Elegies by John Donne

The Anniversaries are two long poems by John Donne written in 1611 and 1612. The poems are elegies written for Elizabeth Drury, the 14-year-old daughter of Donne's wealthy patron Sir Robert Drury, whose death was reported on 13 December 1610.

The first of the two poems, commonly referred to as The First Anniversary: An Anatomy of the World, was published in 1611 and the second, known as The Second Anniversary: Of the Progress of the Soul, was published in spring 1612. Occasionally, the Anniversaries are described in the academic literature as a trio of poems due to Donne's poem A Funeral Elegy being included in the original print of An Anatomy of the World. An Anatomy of the World was Donne's first poem to be published in print, although many of his poems had been circulated in manuscripts before this.

== The First Anniversary: An Anatomy of the World ==
An Anatomy of the World, or An Anatomie of the World, Wherein By Occasion of the untimely death of Mistris Elizabeth Drury, the frailtie and the decay of this whole world is represented, was written and published along with A Funeral Elegy in 1611.

After hearing of Elizabeth Drury's death, Donne wrote A Funerall Elegie and presented it to the Drurys. They asked him to write a Latin epitaph for their daughter's monument and also to accompany them to France. In November 1611, before the trip to France, Donne wrote and had printed An Anatomy of the World.

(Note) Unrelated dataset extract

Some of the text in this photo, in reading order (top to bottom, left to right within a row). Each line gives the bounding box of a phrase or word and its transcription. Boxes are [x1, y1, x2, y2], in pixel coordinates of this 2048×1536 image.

The poem is not only a personal elegy dwelling upon the loss of the Drury's daughter, but also a metaphysical conceit using Elizabeth's death as a metaphor to discuss the demise of the world and all of its virtues. Donne reflects upon the religious and sociocultural upheaval and fracturing present within early 17th-century England, bemoaning that the state of society, "'Tis all in pieces, all coherence gone."

Donne uses the concept of anatomy to undertake a dissection of the world, examining the causes of the world's death in the form of a loss of social unity and spiritual sickness. Donne may have been informed by contemporary medical and philosophical ideas like those on anatomy by Andreas Vesalius, whose medical work Donne had studied, and Paracelsus, who considered the human body to be a microcosm of the entire world.

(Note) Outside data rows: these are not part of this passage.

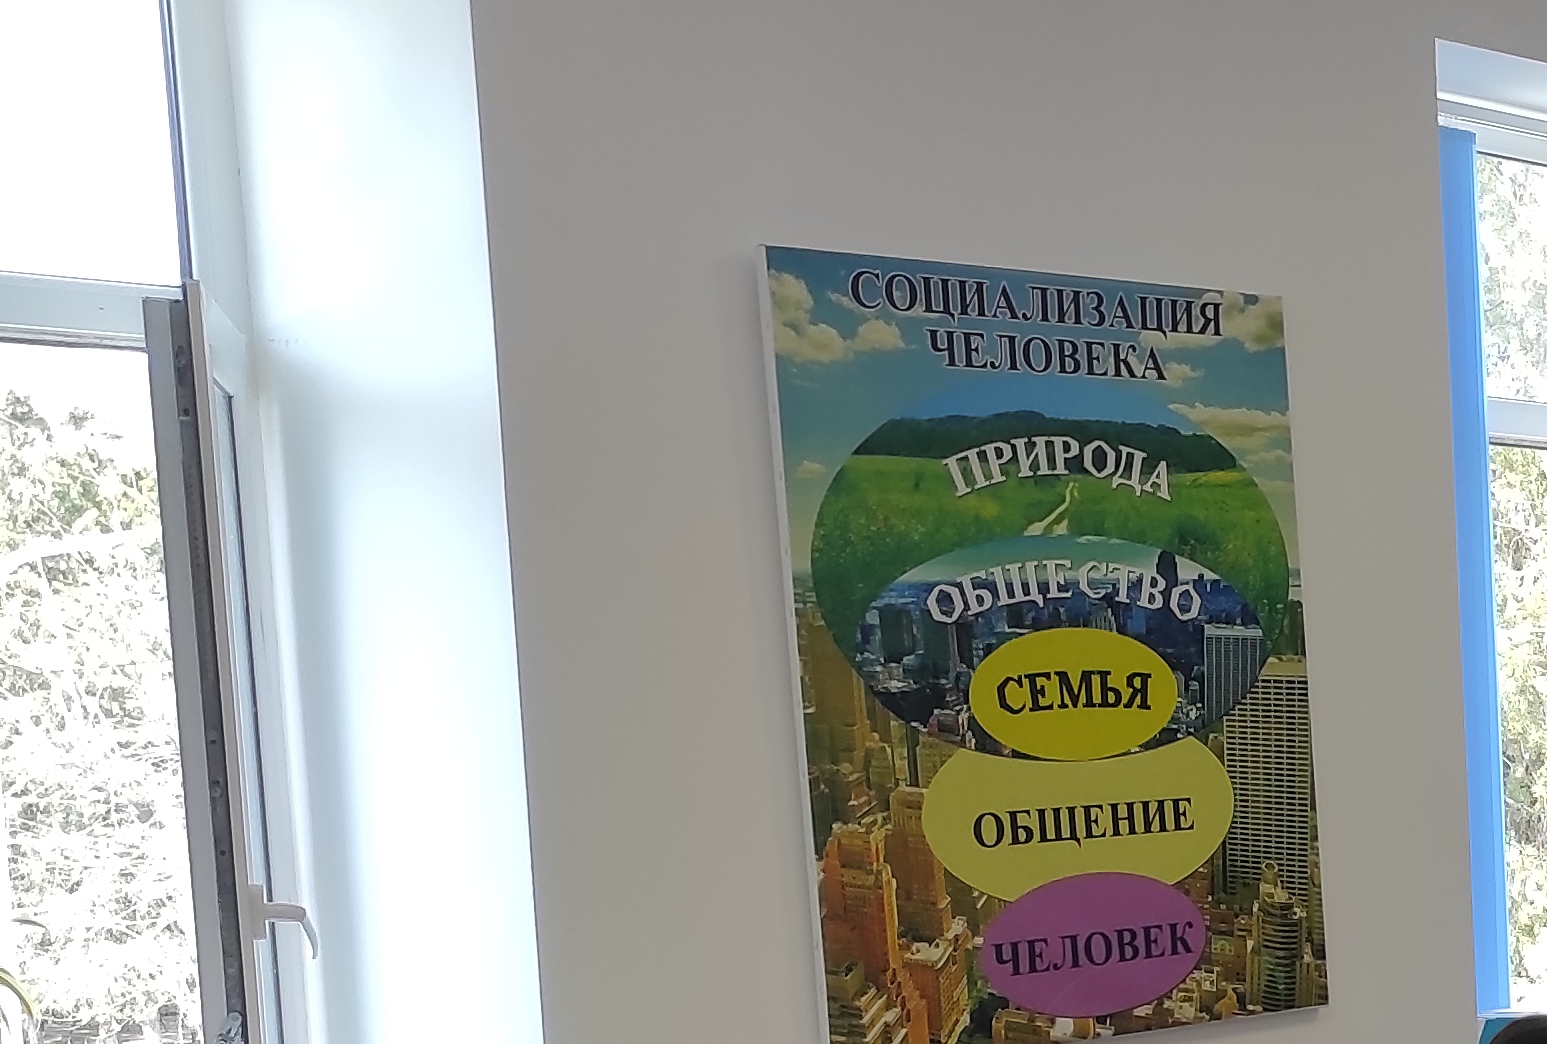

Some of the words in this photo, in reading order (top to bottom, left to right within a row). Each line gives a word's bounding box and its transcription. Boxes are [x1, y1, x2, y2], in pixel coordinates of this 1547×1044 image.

[848, 269, 1224, 338] СОЦИАЛИЗАЦИЯ
[925, 326, 1168, 382] ЧЕЛОВЕКА
[941, 434, 1172, 502] ПРИРОДА
[925, 558, 1203, 625] ОБЩЕСТВО
[995, 669, 1153, 716] СЕМЬЯ
[972, 796, 1195, 850] ОБЩЕНИЕ
[991, 920, 1195, 978] ЧЕЛОВЕК

== The Second Anniversary: Of the Progress of the Soul ==
Of the Progress of the Soul, or Of the Progresse of the Soule, Wherein: By Occasion of the Religious Death of Mistris Elizabeth Drury, the incommodities of the Soule in this life and her exaltation in the next, are contemplated, was written whilst Donne was accompanying the Drurys on their trip to France.

In spring 1612 the poem was published as a volume together with An Anatomy of the World and it is at this point where the poems received their secondary title of The First Anniversary and The Second Anniversary, becoming collectively known as the Anniversaries.

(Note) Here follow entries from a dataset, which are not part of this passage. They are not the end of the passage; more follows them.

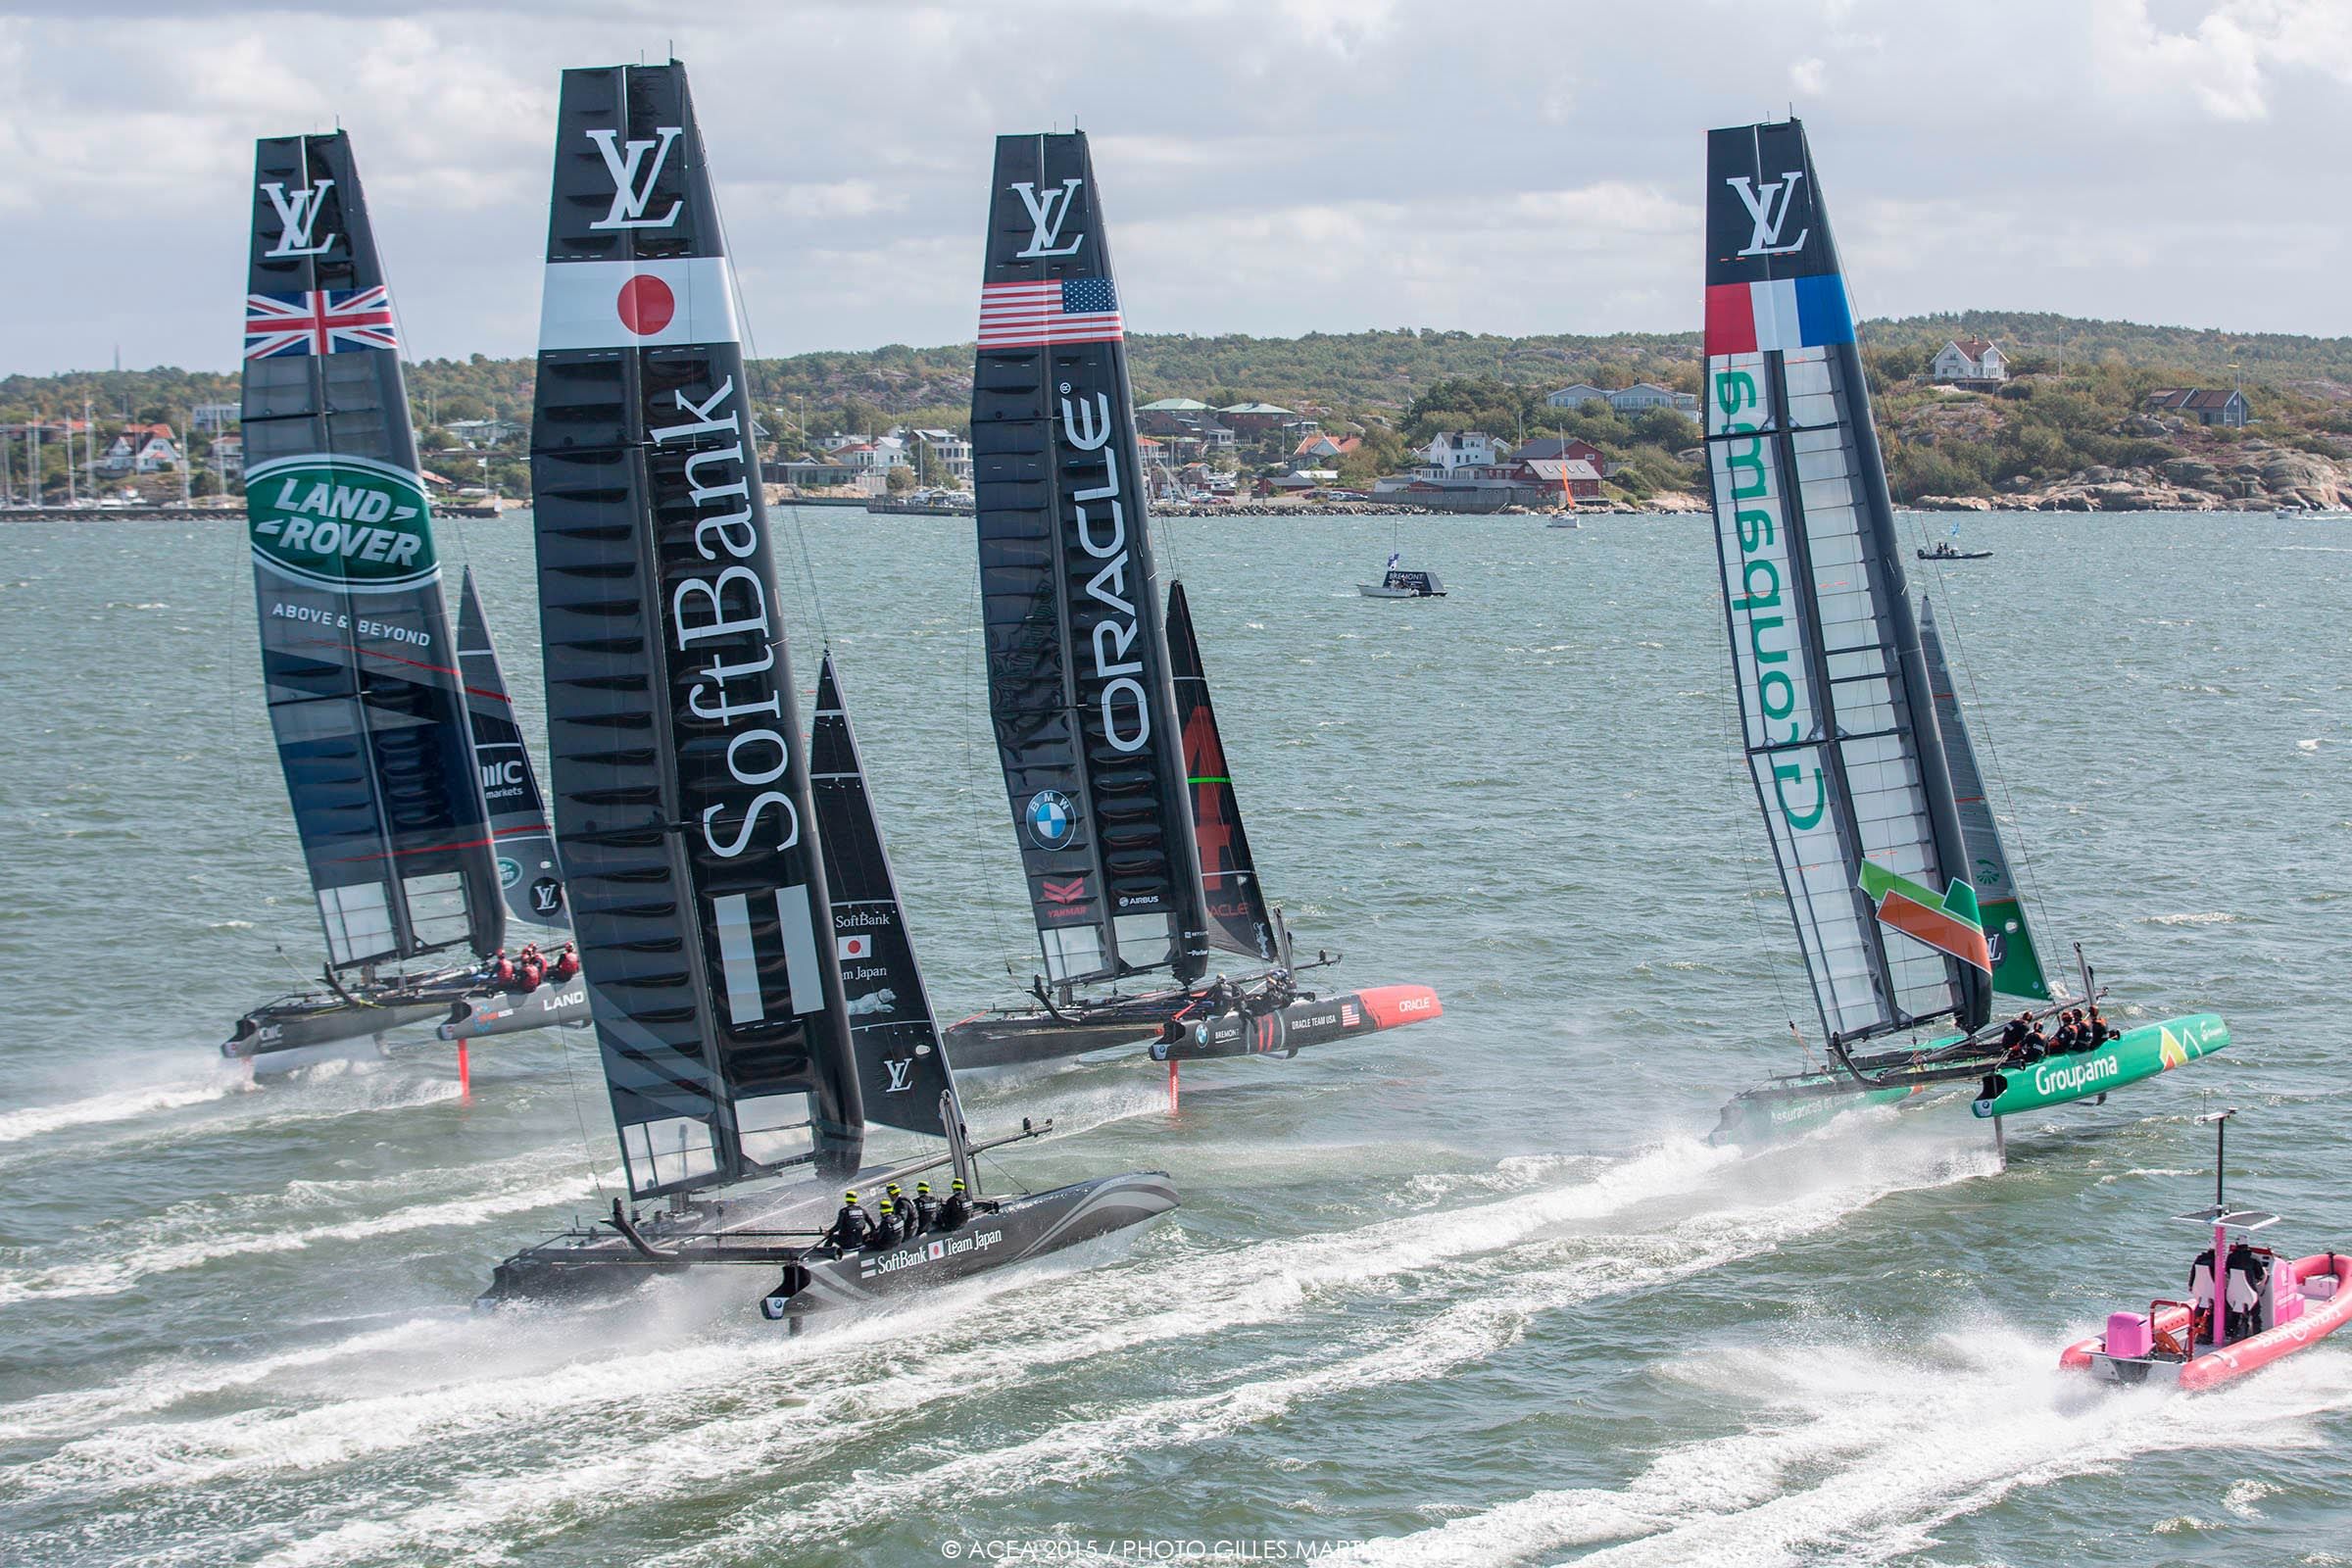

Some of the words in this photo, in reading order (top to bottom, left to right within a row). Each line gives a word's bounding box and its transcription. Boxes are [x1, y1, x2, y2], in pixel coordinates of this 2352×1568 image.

[273, 477, 392, 523] LAND
[278, 518, 422, 566] ROVER
[272, 603, 333, 625] ABOVE
[336, 614, 348, 629] &
[358, 619, 430, 647] BEYOND
[649, 374, 799, 858] SoftBank
[486, 787, 523, 800] markets
[1030, 792, 1069, 812] BMW
[1130, 895, 1159, 905] AIRBUS
[835, 913, 891, 928] SoftBank
[855, 966, 888, 981] Japan
[543, 991, 585, 1011] LAND
[1398, 997, 1431, 1012] ORACLE
[1292, 1017, 1311, 1030] ORACLE
[1311, 1015, 1326, 1028] TEAM
[1326, 1014, 1337, 1025] USA
[2035, 1054, 2118, 1096] Groupama
[878, 1247, 927, 1275] SoftBank
[945, 1237, 973, 1257] Team
[973, 1230, 1003, 1252] Japan

== Criticism of the poems ==
In 1619, William Drummond of Hawthornden reported that fellow poet Ben Jonson stated to him when they had spoken in 1618 that "Dones [sic] Anniversarie was profane and full of Blasphemies: that he told Mr Donne, if it had been written of the Virgin Marie it had been something..." Donne apparently replied, "that he described the Idea of a Woman, and not as she was.